Did I mention that I'm really concerned over what I'm seeing lately and that I've been buying gold? I even like the feel of the shit.










Brandon & I walked into Sloppys recently. We stood near the bar for a few minutes without being served. It was a Saturday night about 7 and the entire staff had called off for some reason (probably because the place does shitty business and the staff doesn't make any dough). Anyway, the Indian owner of the joint was running around trying to tend bar for the 7 or 8 barflies assembled. Maybe the kid didn't notice Brandon & me. I have no idea. Well, while we were standing there not being served, we glanced around at the assembled drunks. Creepy Gay Larry, Moose, bald-headed Scott, and Michigan Molly were all there. Brandon said, "Do you wanna just take off?" I said, "Yes, I do." Then we walked right out of the place.










I have so many concerns right now over what I'm seeing that I've been buying gold as fast as I can get my hands on it. I even like the feel of gold.










I've been watching this show on the Food Network featuring America's worst cooks. It airs Sunday at 9 I think. There's this Jewish woman on there who is like 63 and can't boil water to save her life. I'm not certain about this, but she bears a strong resemblance to an old colleague of mine from my days working in downtown Baltimore in that building across from 1st Mariner. Maybe it is my good friend and the ultra-incompetent Fran. I forget what she looks like exactly (it's been over 29 months since I've seen Fran), so I may be mistaken. But I don't think so. The reason I think it may be Fran that's featured on this worst cook program is that Fran is notorious for not having a clue how to do anything. I mean besides bitching about the service at a restaurant. Fran is golden there.

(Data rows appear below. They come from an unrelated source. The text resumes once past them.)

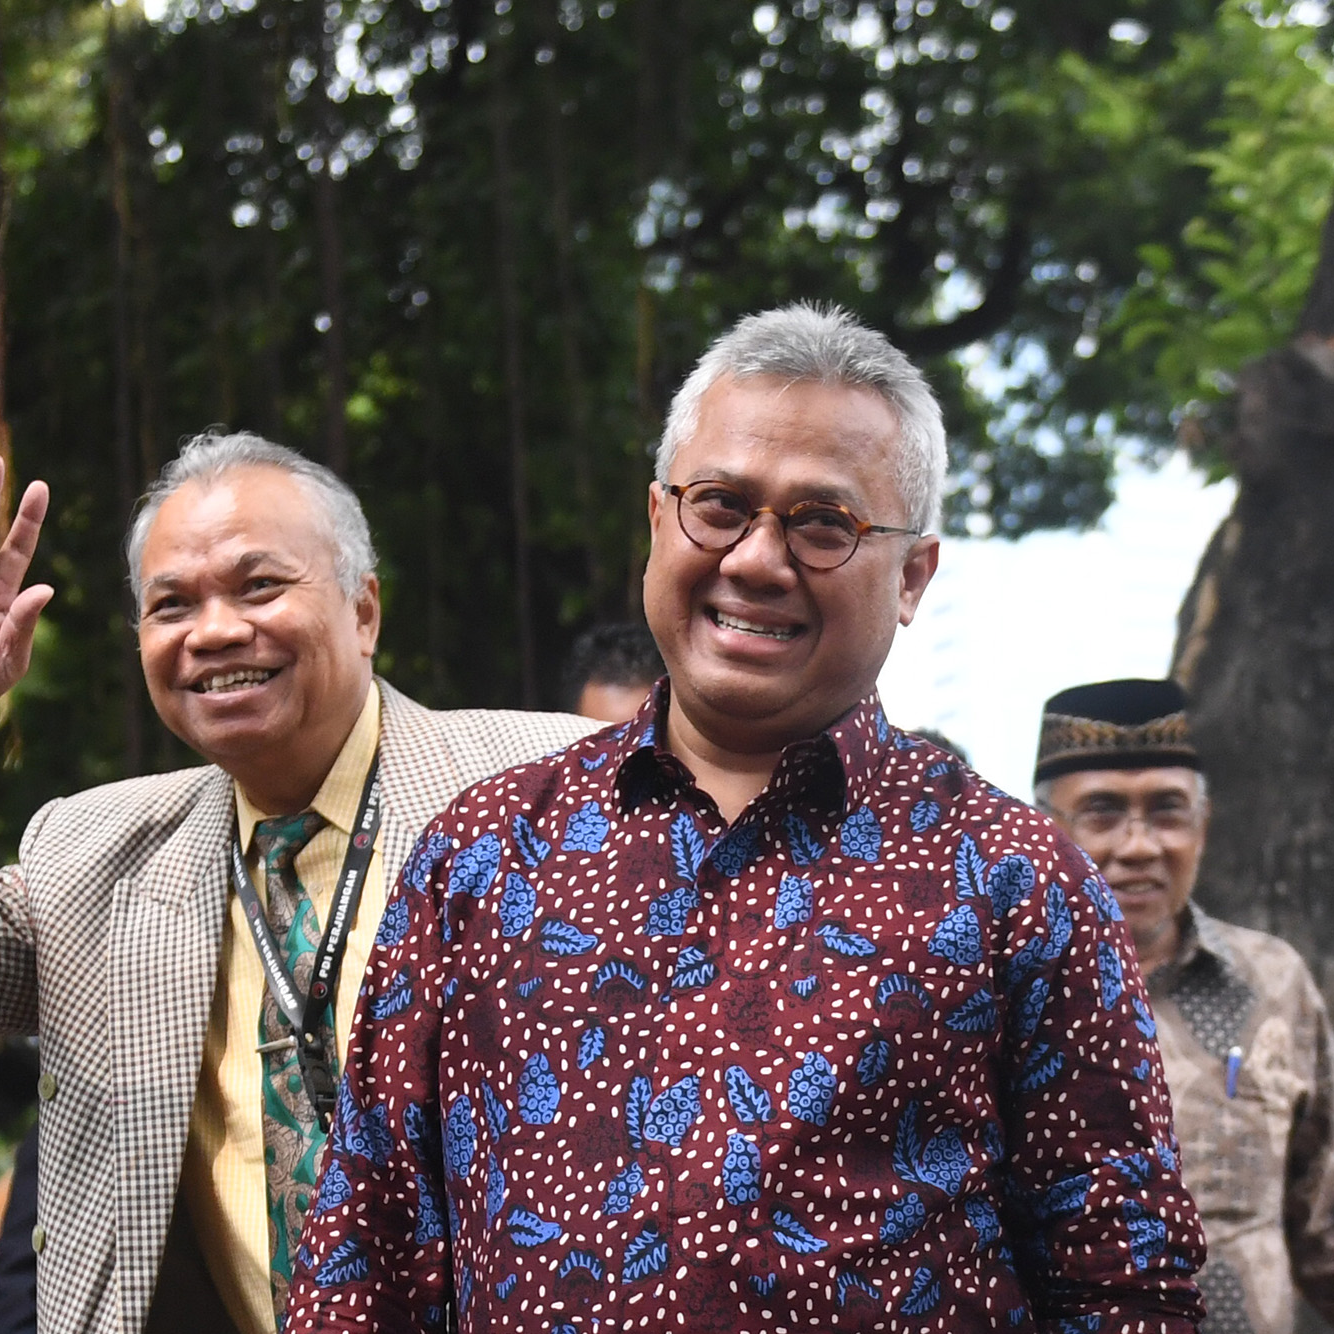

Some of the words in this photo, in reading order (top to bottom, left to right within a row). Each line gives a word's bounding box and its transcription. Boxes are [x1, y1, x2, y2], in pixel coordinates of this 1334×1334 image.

[362, 803, 376, 830] PDI
[253, 918, 264, 939] PDI
[260, 936, 298, 1010] PERJUANGAN
[319, 955, 333, 978] PDI
[326, 870, 358, 953] PERJUANGAN

Speaking of Fran, I have it on good authority that she's incredibly concerned over what has been happening recently. As a result, she's been buying the shit out of gold. I hear that Fran even likes the feel of gold. She touches her gold longingly.










I saw where they gave out the Oscars recently. I didn't get a chance to watch it myself. I was a little disappointed that the chick who had the Joker's baby didn't win for Best Actress. I'm a big fan of the girl.